NEWS STORY: International Church Groups in Holy Land Ready for Iraq War

c. 2003 Religion News Service JERUSALEM _ Basement music rooms have been converted to a “sealed” bomb shelter designed to protect against possible chemical or biological attack. Students have been drilled to get into the rooms in three minutes flat. While international schools elsewhere in Israel and the Middle East region have already closed their […]

c. 2003 Religion News Service

JERUSALEM _ Basement music rooms have been converted to a “sealed” bomb shelter designed to protect against possible chemical or biological attack. Students have been drilled to get into the rooms in three minutes flat.

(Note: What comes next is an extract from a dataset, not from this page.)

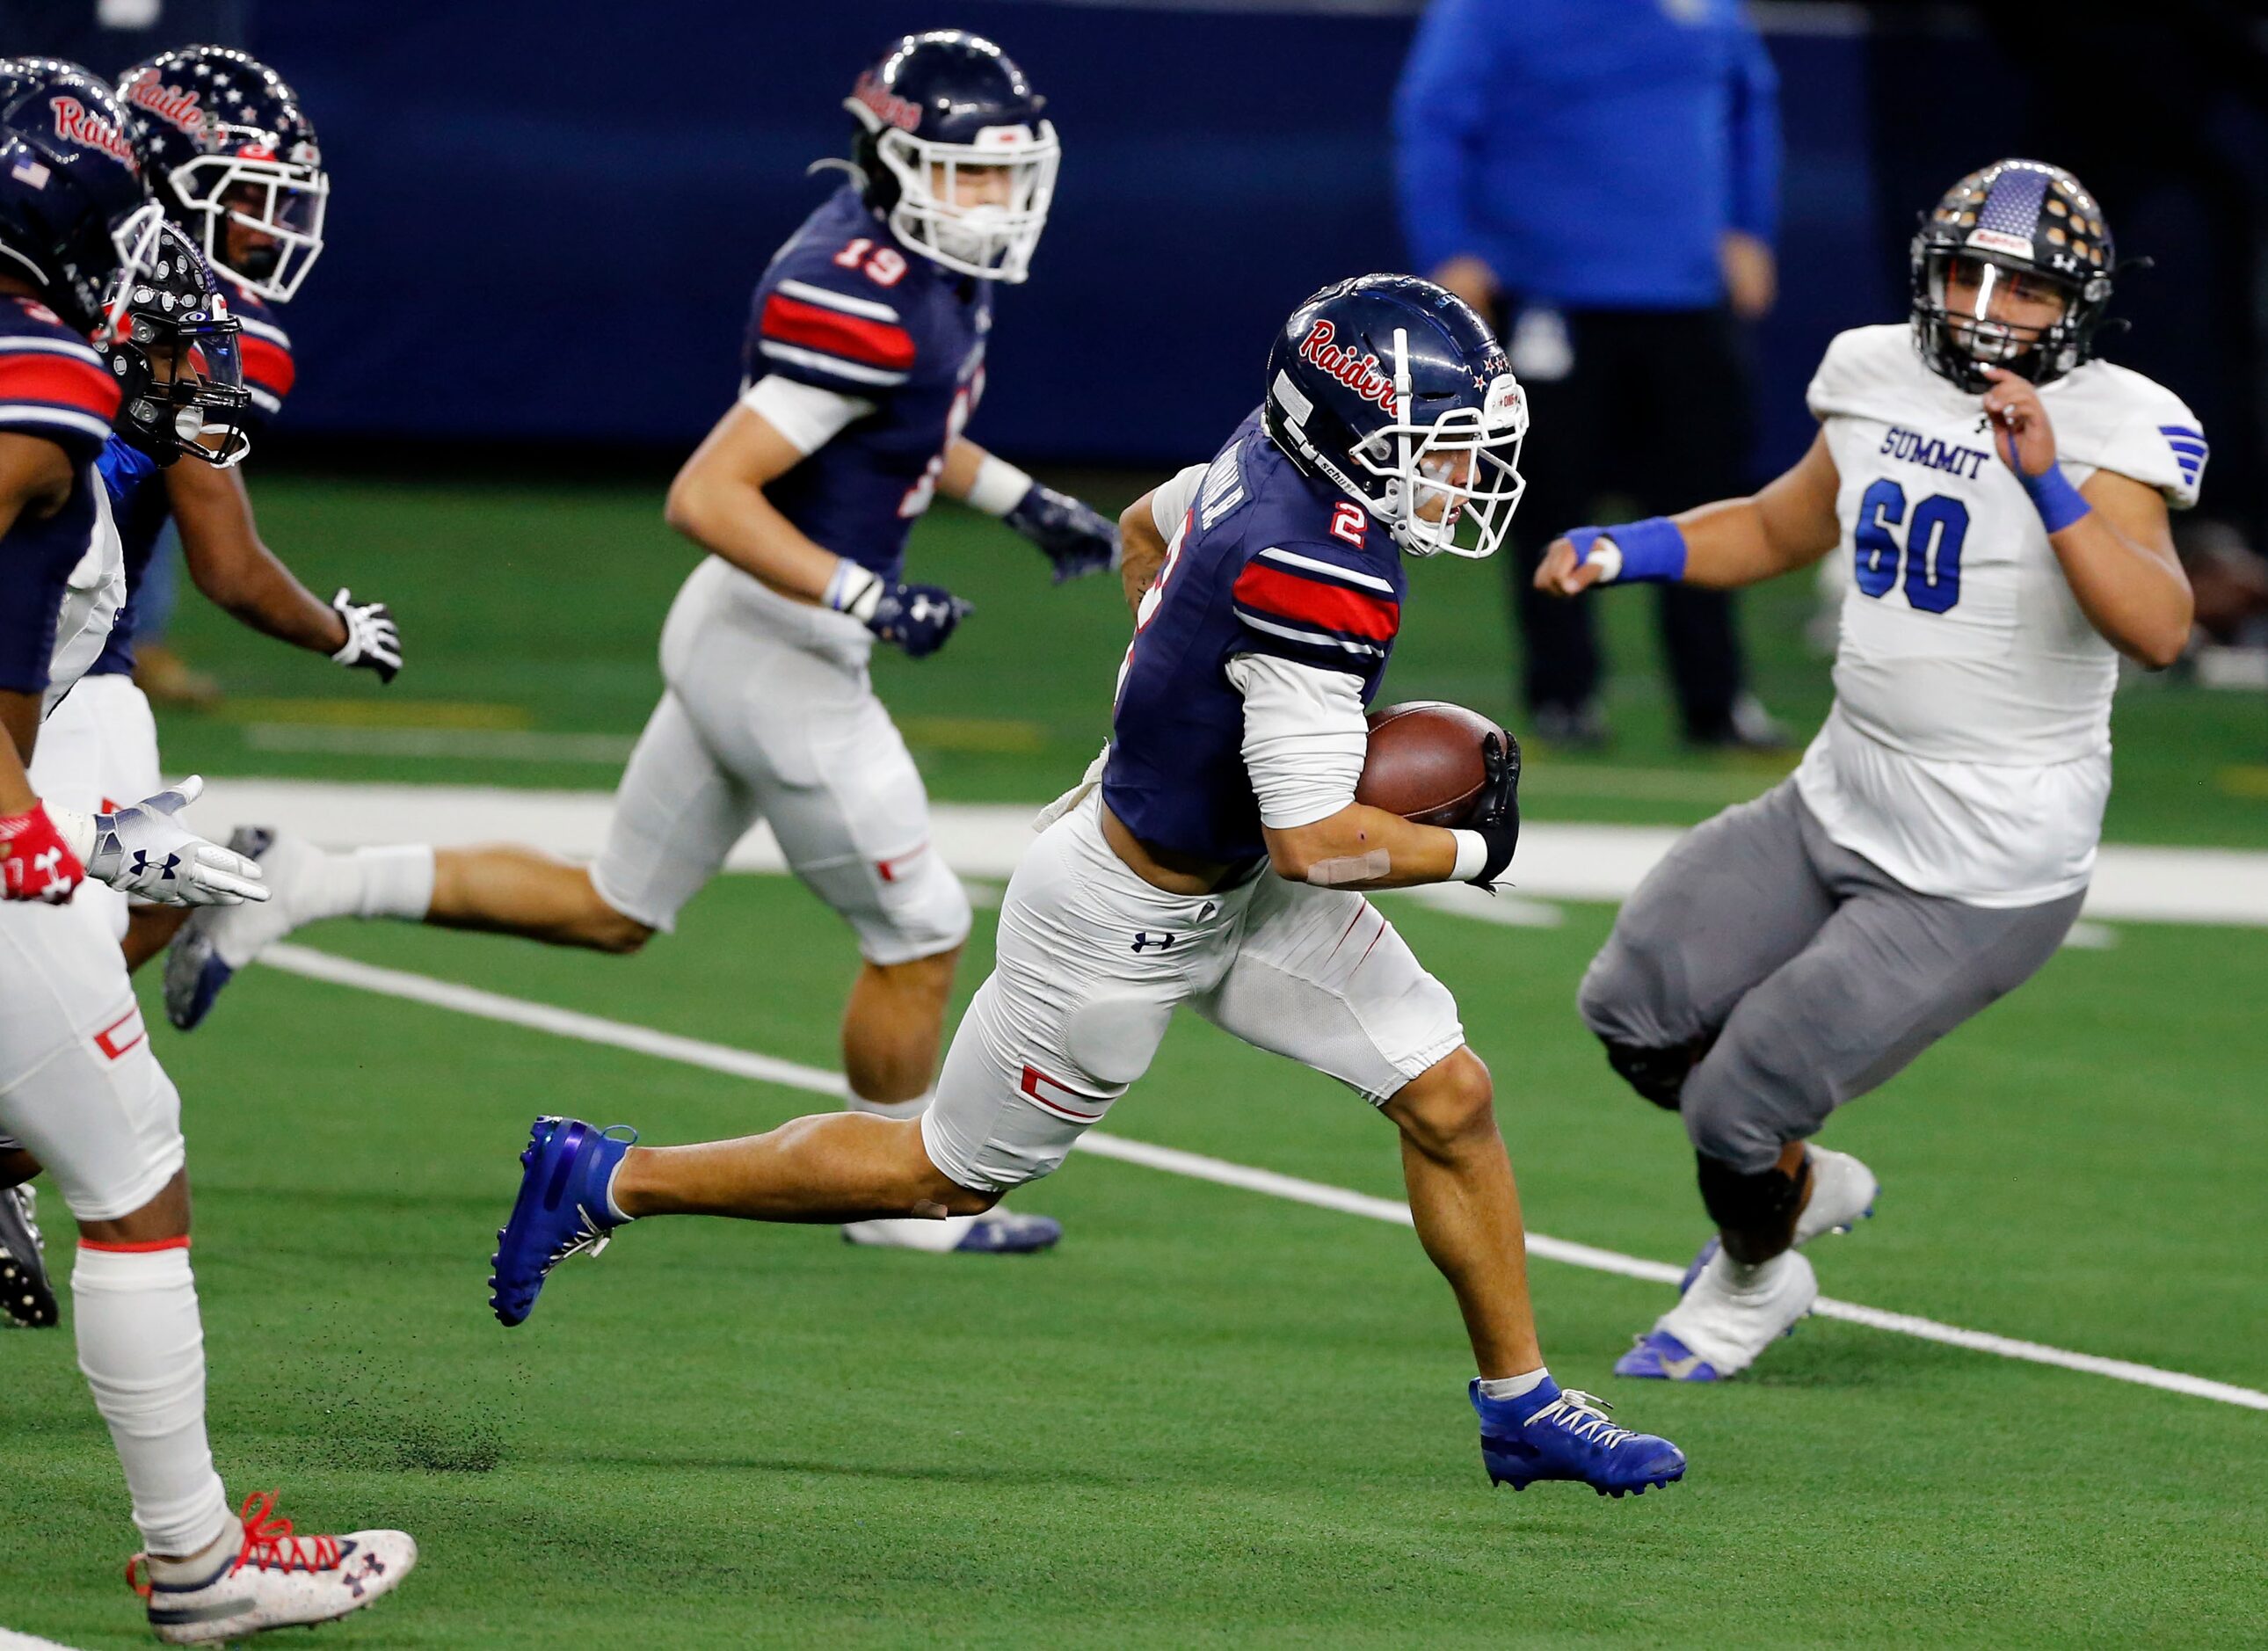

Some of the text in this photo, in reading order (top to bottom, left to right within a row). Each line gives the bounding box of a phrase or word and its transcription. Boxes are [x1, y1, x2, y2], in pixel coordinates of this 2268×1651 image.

While international schools elsewhere in Israel and the Middle East region have already closed their doors in anticipation of war, Jerusalem’s Anglican School is determined to keep operating right up until a U.S. attack on Iraq begins _ and resume school as soon as it is deemed safe to do so.


Helen Wellby, a senior administrator at the school, attributes it to a sense of “mission” the church-funded school, catering to a mixed expatriate and local population, carries into its operations.

“I don’t want to sound preachy. But I think that the Christian principles of the school, and the feeling that we are here to give a service, means that we will do everything we can to keep that service going under all circumstances,” said Wellby, who hails from the south of England.

International church institutions operating in Israel and the West Bank are bracing for a possible U.S. attack on Iraq, both materially and spiritually.

Most such institutions, and their foreign staff, say they’ll keep functioning during the pending war period even as other expatriates, including nonessential United Nations personnel, diplomats and their families, are evacuated back to their home countries.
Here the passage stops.